§ Exercise: Start at the line that contains "this 2000×1334 image.". Repeat it and each line after it, exactly, up to and including the final line of the data.

§ Referring expression grounding data:
--------

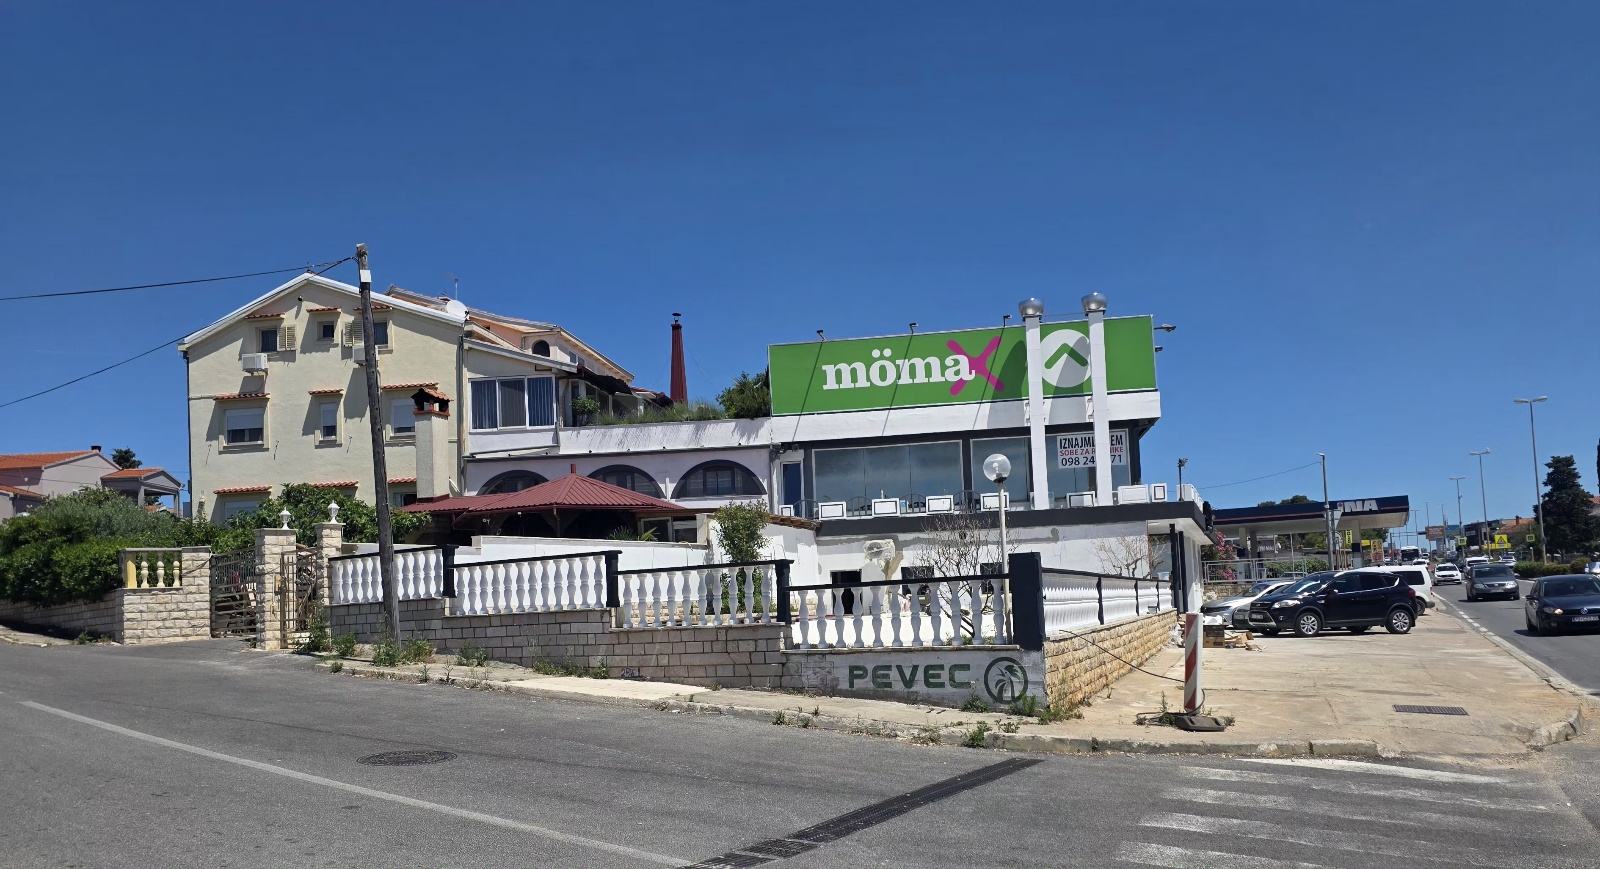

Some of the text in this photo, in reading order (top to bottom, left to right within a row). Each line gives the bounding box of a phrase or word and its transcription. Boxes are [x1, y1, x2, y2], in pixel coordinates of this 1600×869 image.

[1060, 448, 1079, 456] SOBE
[1061, 456, 1080, 466] 098
[1336, 500, 1378, 513] INA
[848, 663, 971, 689] PEVEC
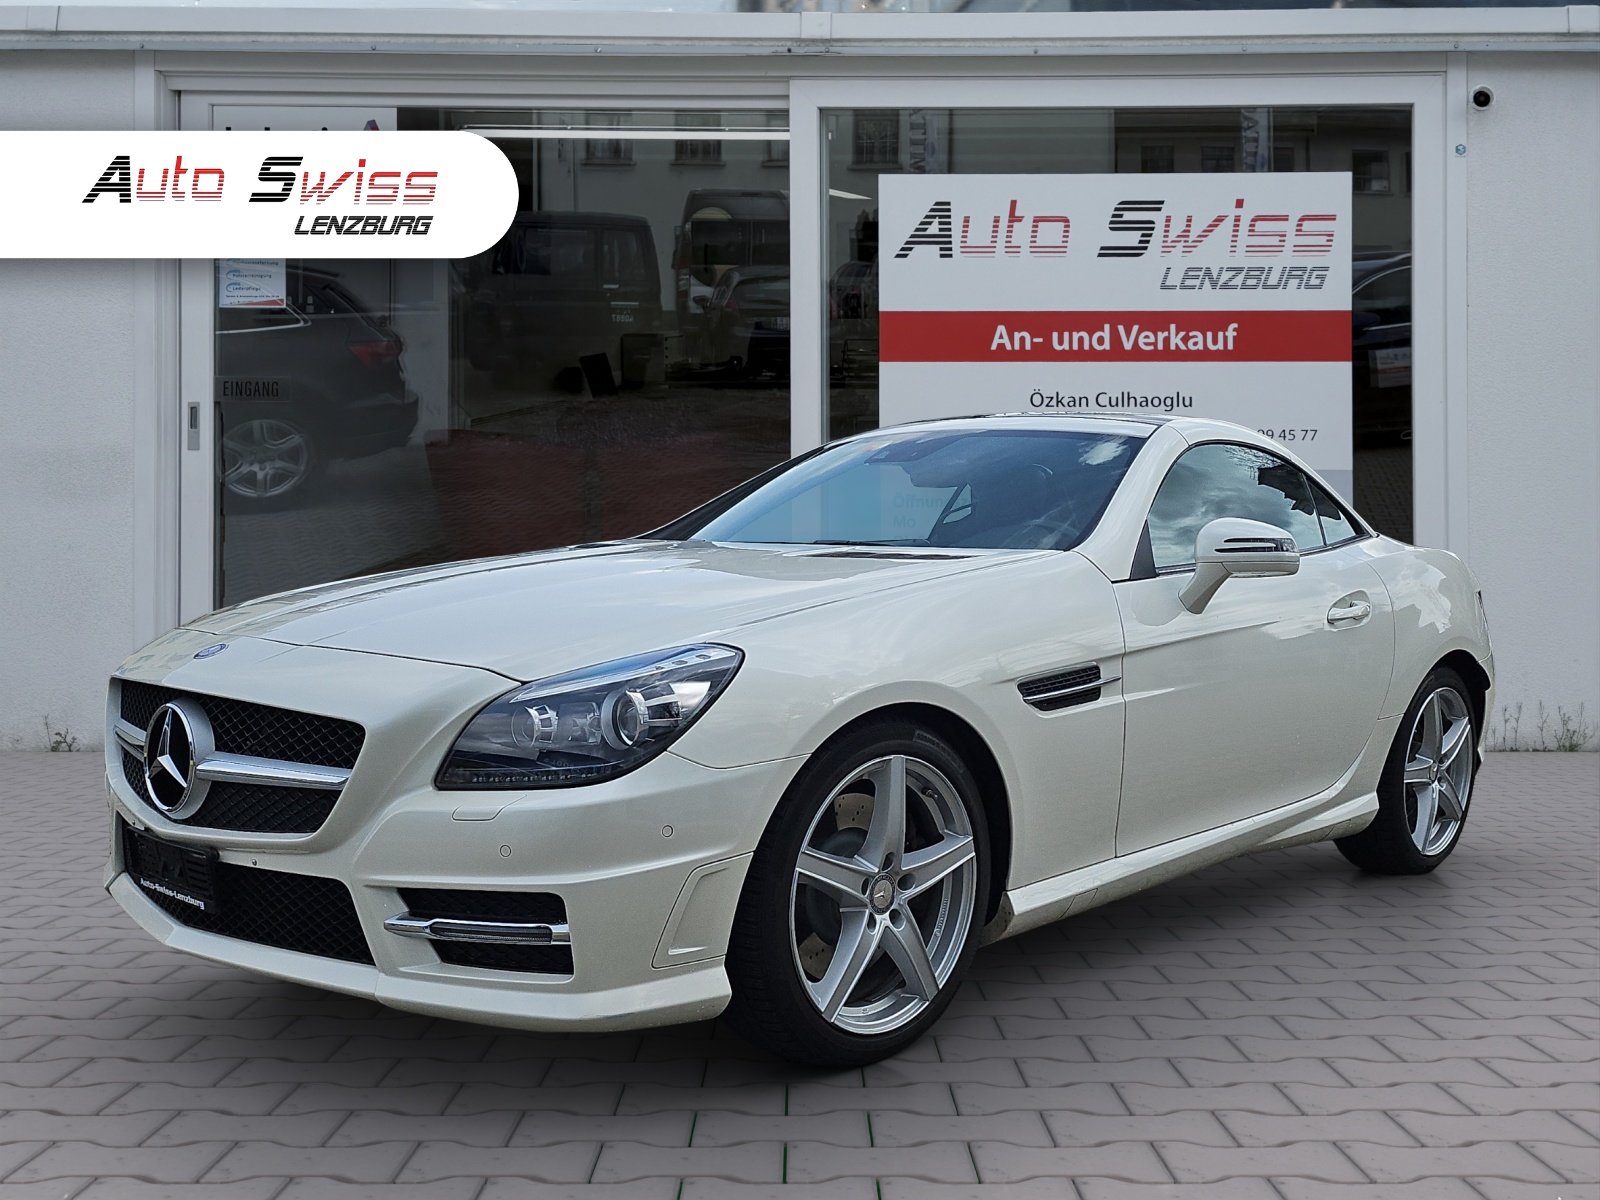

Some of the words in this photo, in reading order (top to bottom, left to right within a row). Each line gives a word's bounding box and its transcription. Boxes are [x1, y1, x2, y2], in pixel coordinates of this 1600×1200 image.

[894, 199, 1070, 258] Auto
[1097, 198, 1337, 257] Swiss
[1160, 266, 1330, 290] LENZBURG
[990, 324, 1043, 351] An-
[1052, 323, 1110, 351] und
[1117, 323, 1238, 351] Verkauf
[223, 380, 279, 397] EINGANG
[1029, 388, 1089, 408] Özkan
[1095, 391, 1193, 412] Culhaoglu
[1278, 428, 1296, 441] 45
[1300, 428, 1318, 441] 77
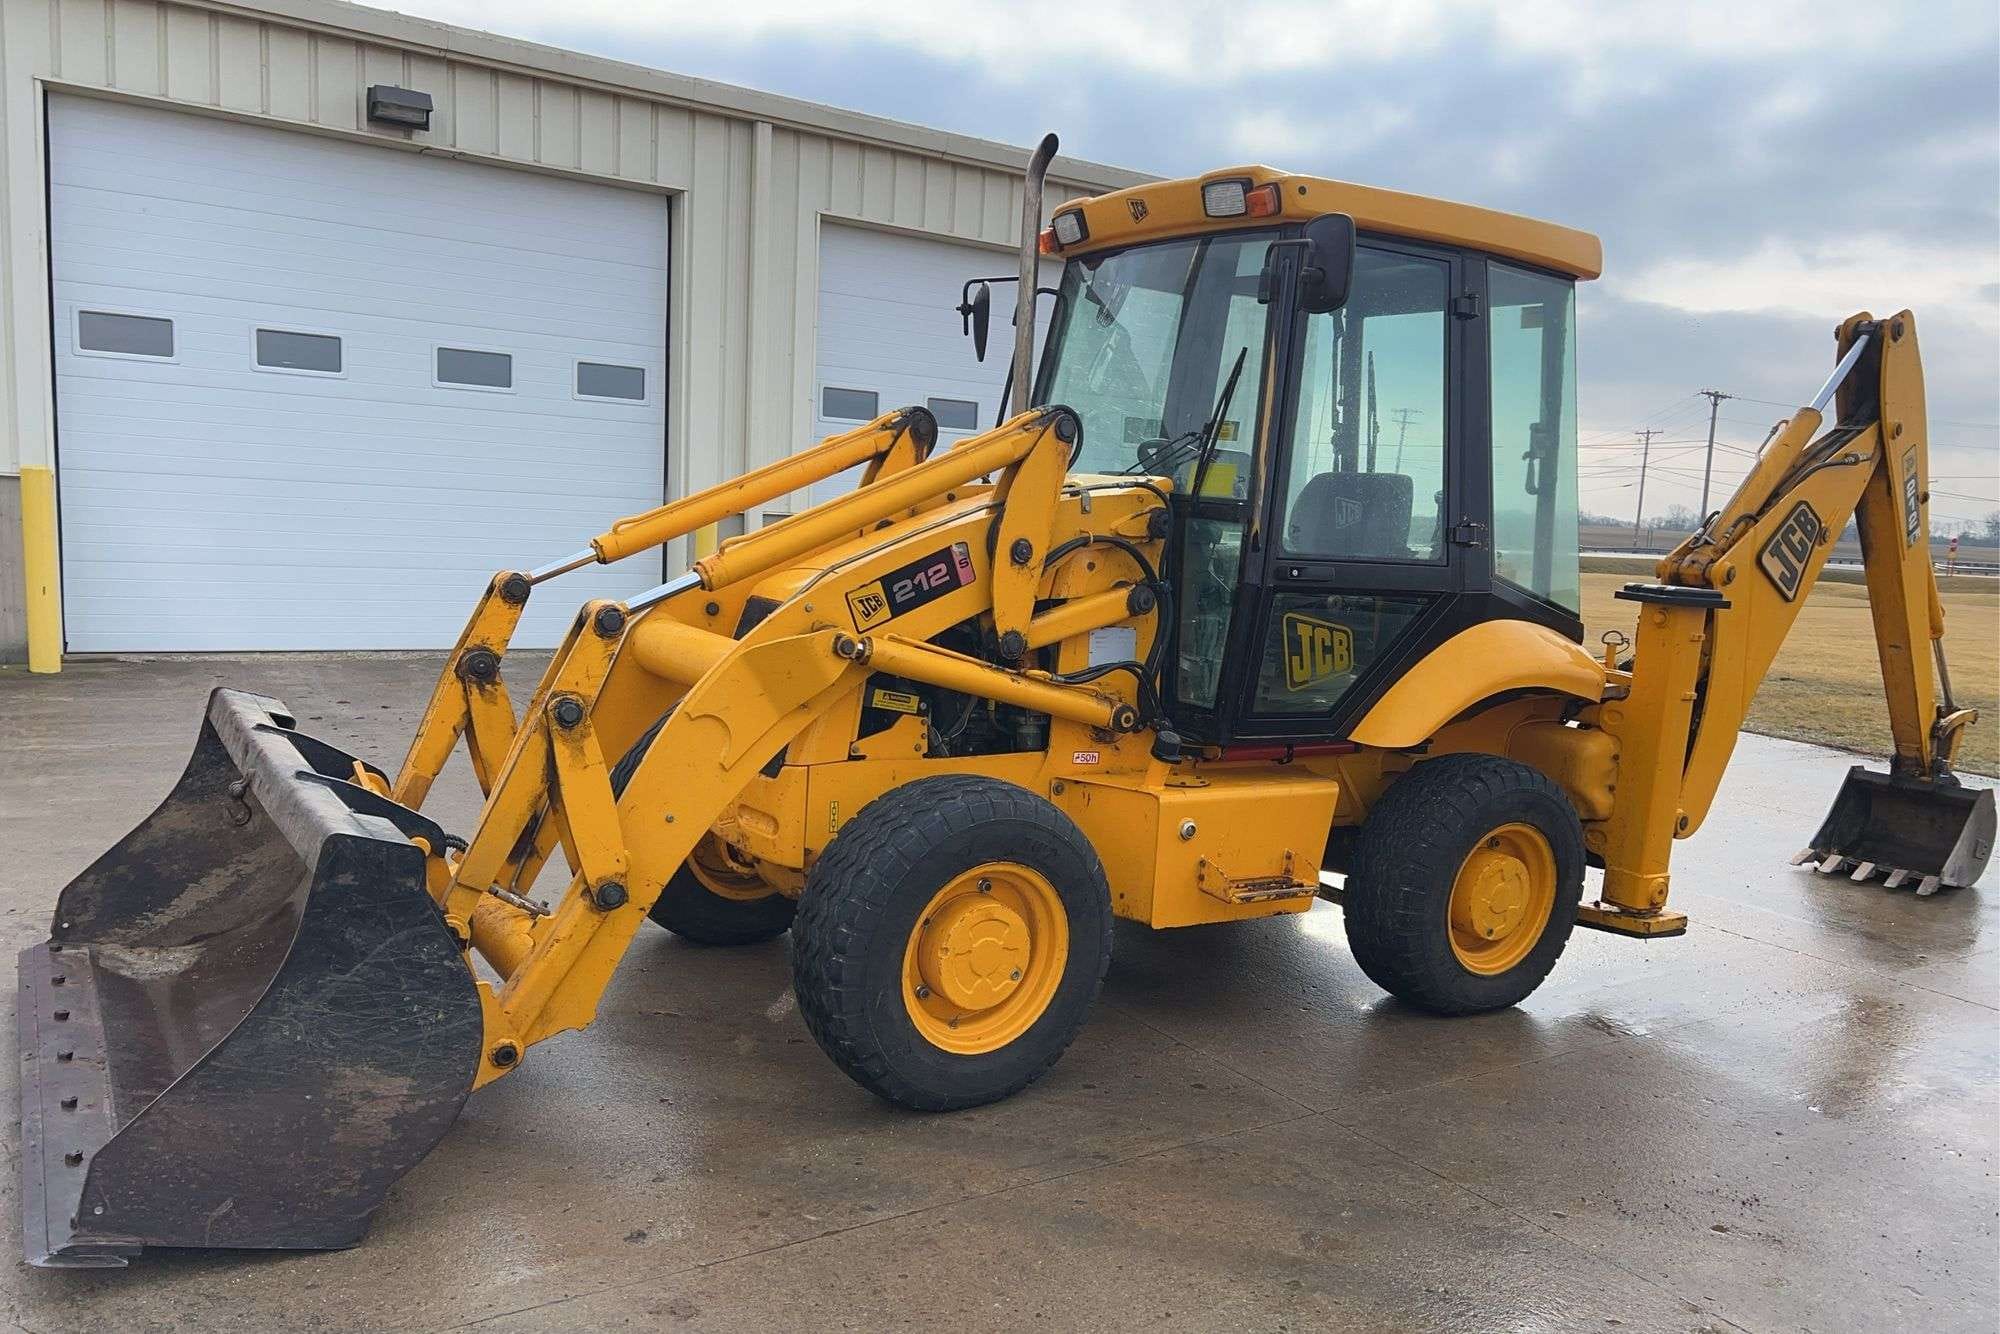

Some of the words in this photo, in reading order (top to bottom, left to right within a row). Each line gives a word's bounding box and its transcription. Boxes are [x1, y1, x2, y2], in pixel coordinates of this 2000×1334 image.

[1768, 508, 1819, 591] JCB
[858, 595, 883, 619] JCB
[892, 562, 951, 603] 212
[1291, 622, 1349, 682] JCB

--------

§ Exercise answer:
Some of the words in this photo, in reading order (top to bottom, left to right within a row). Each line gives a word's bounding box and its transcription. Boxes are [x1, y1, x2, y2], in pixel coordinates of this 2000×1334 image.

[1768, 508, 1819, 591] JCB
[858, 595, 883, 619] JCB
[892, 562, 951, 603] 212
[1291, 622, 1349, 682] JCB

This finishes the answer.